Please give back each line of the material unchanged, but without the images.

++++++++

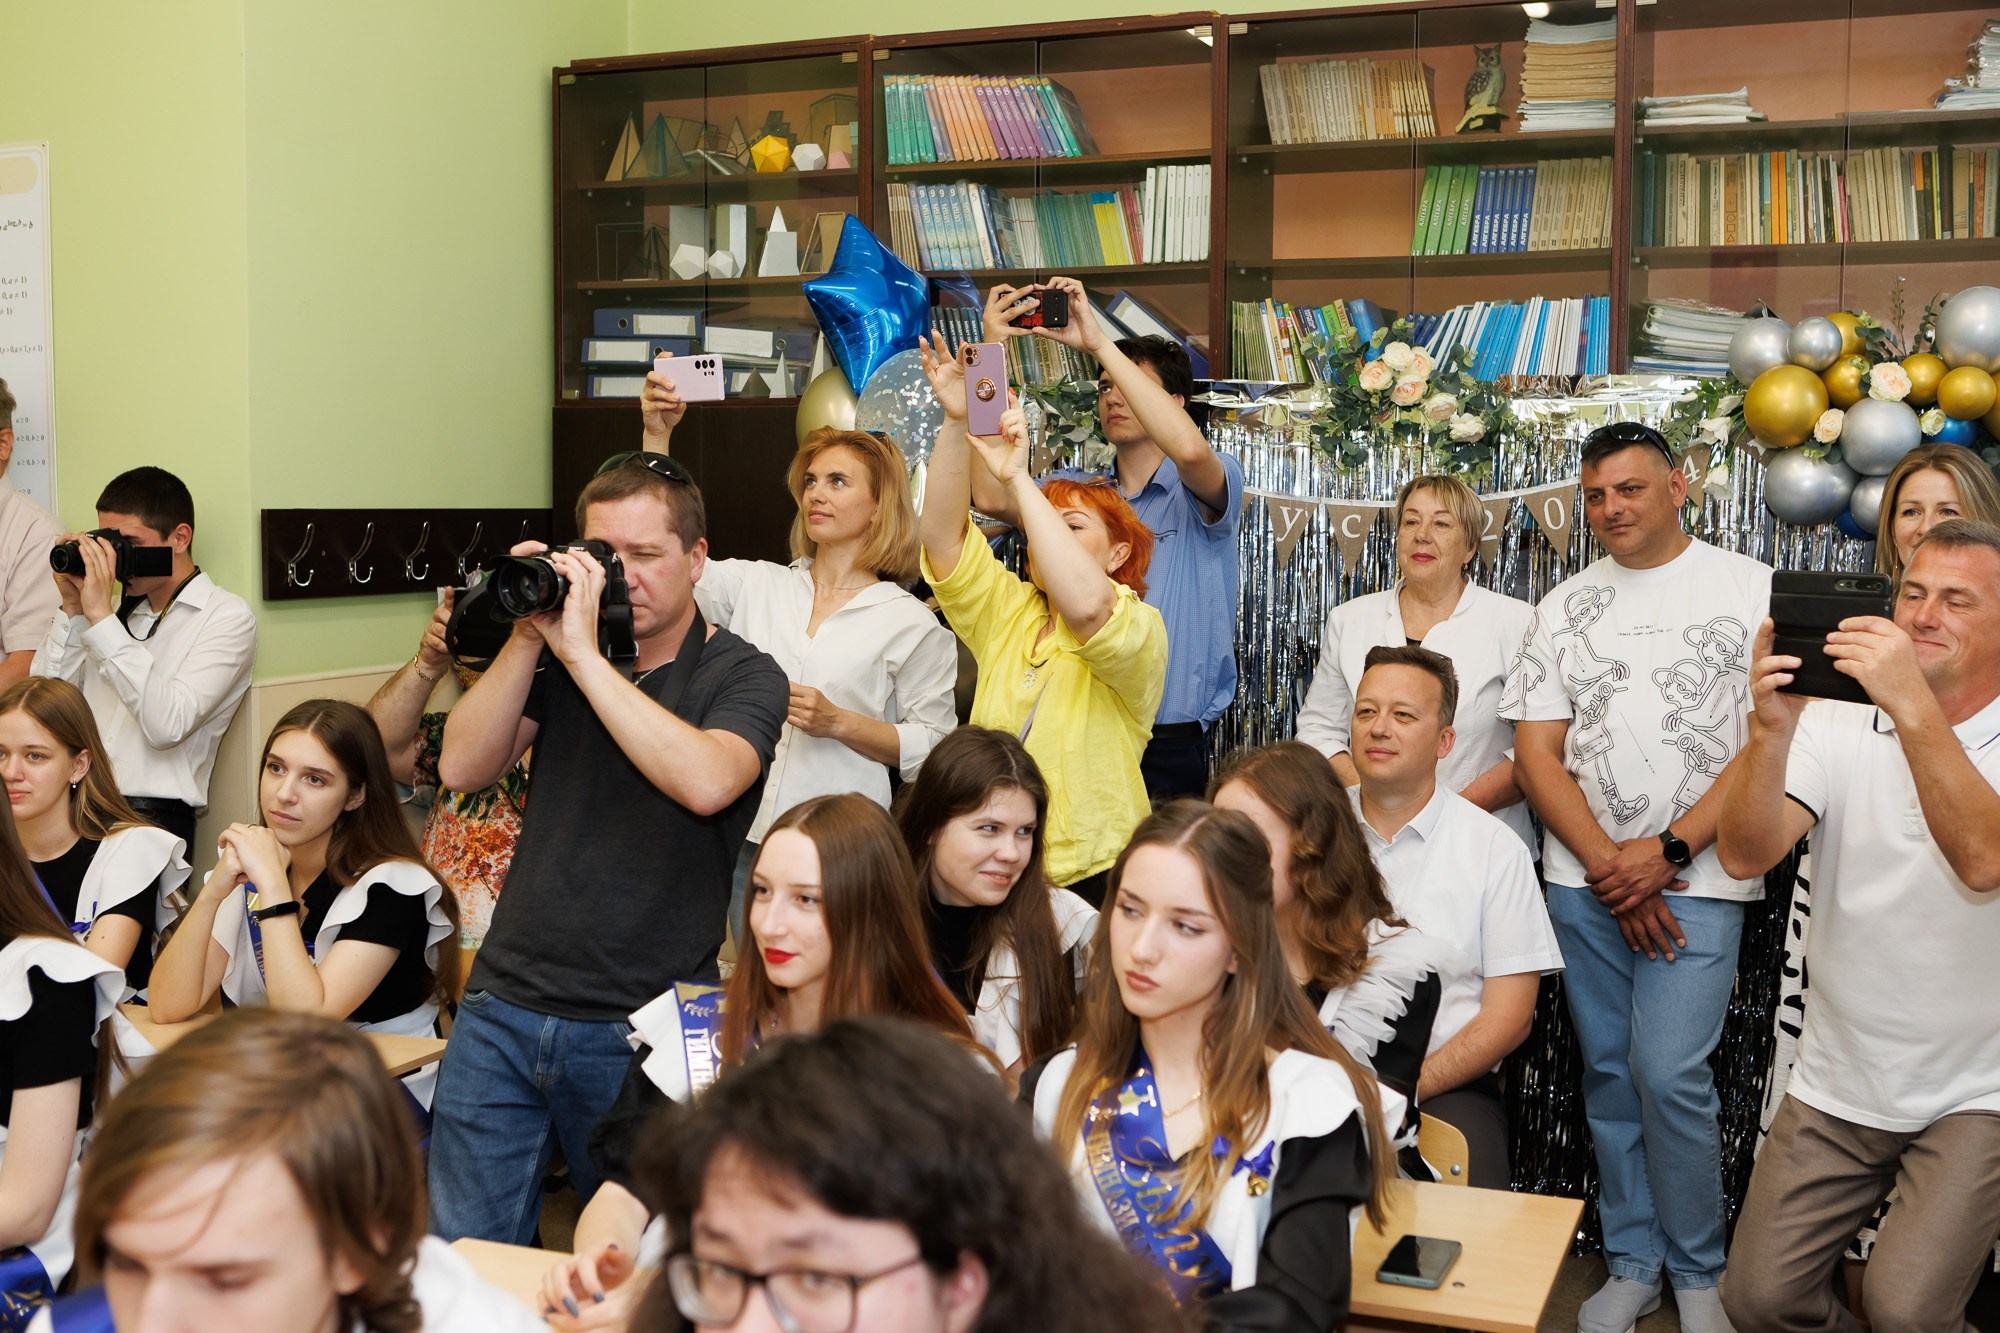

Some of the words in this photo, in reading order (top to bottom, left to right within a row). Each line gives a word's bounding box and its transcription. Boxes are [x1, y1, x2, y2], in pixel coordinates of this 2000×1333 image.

[1003, 87, 1010, 95] 8
[1014, 88, 1020, 96] 8
[920, 189, 925, 197] 9
[930, 189, 935, 197] 9
[940, 189, 945, 197] 9
[950, 188, 956, 196] 9
[1419, 200, 1428, 227] АЛГЕБРА
[1433, 200, 1442, 226] АЛГЕБРА
[1447, 200, 1456, 228] АЛГЕБРА
[1461, 199, 1470, 226] АЛГЕБРА
[1472, 214, 1481, 246] АЛГЕБРА
[1481, 215, 1490, 247] АЛГЕБРА
[1491, 214, 1500, 246] АЛГЕБРА
[1501, 214, 1509, 246] АЛГЕБРА
[1510, 214, 1519, 246] АЛГЕБРА
[1520, 213, 1529, 246] АЛГЕБРА
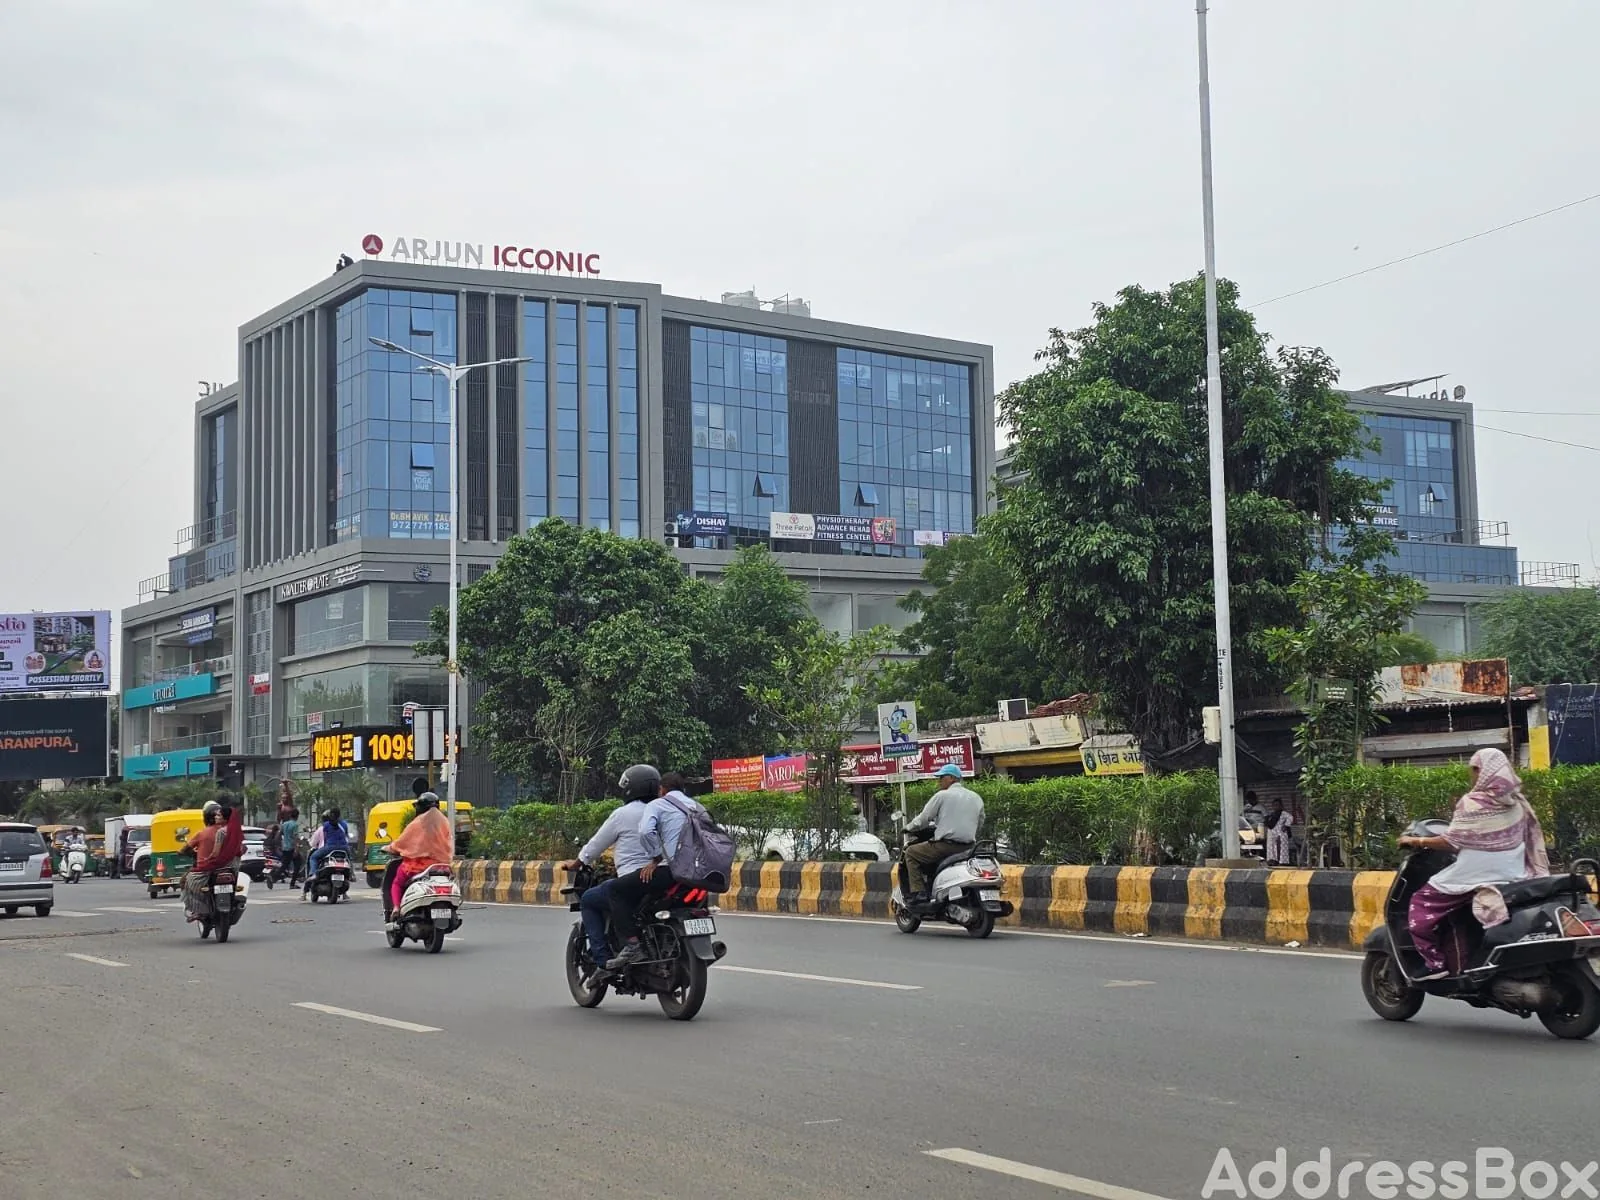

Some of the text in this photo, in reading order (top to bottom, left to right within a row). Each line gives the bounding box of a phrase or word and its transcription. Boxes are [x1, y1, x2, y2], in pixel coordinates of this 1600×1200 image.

[390, 237, 601, 275] ARJUN ICCONIC
[696, 517, 727, 526] DISHAY
[816, 515, 871, 525] PHYSIOTHERAPY
[816, 524, 871, 533] ADVANCE REHAB
[816, 531, 844, 539] FITNESS
[28, 675, 70, 684] POSSESSION
[70, 673, 101, 683] SHORTLY

++++++++

## SOLUTION TO THIS EXERCISE
Some of the words in this photo, in reading order (top to bottom, left to right within a row). Each line gives a word's bounding box and its transcription. Boxes are [x1, y1, x2, y2], in pixel coordinates of this 2000×1333 image.

[1003, 87, 1010, 95] 8
[1014, 88, 1020, 96] 8
[920, 189, 925, 197] 9
[930, 189, 935, 197] 9
[940, 189, 945, 197] 9
[950, 188, 956, 196] 9
[1419, 200, 1428, 227] АЛГЕБРА
[1433, 200, 1442, 226] АЛГЕБРА
[1447, 200, 1456, 228] АЛГЕБРА
[1461, 199, 1470, 226] АЛГЕБРА
[1472, 214, 1481, 246] АЛГЕБРА
[1481, 215, 1490, 247] АЛГЕБРА
[1491, 214, 1500, 246] АЛГЕБРА
[1501, 214, 1509, 246] АЛГЕБРА
[1510, 214, 1519, 246] АЛГЕБРА
[1520, 213, 1529, 246] АЛГЕБРА

Some of the text in this photo, in reading order (top to bottom, left to right within a row). Each line gives the bounding box of a phrase or word and its transcription. Boxes are [x1, y1, x2, y2], in pixel coordinates of this 1600×1200 image.

[390, 237, 601, 275] ARJUN ICCONIC
[696, 517, 727, 526] DISHAY
[816, 515, 871, 525] PHYSIOTHERAPY
[816, 524, 871, 533] ADVANCE REHAB
[816, 531, 844, 539] FITNESS
[28, 675, 70, 684] POSSESSION
[70, 673, 101, 683] SHORTLY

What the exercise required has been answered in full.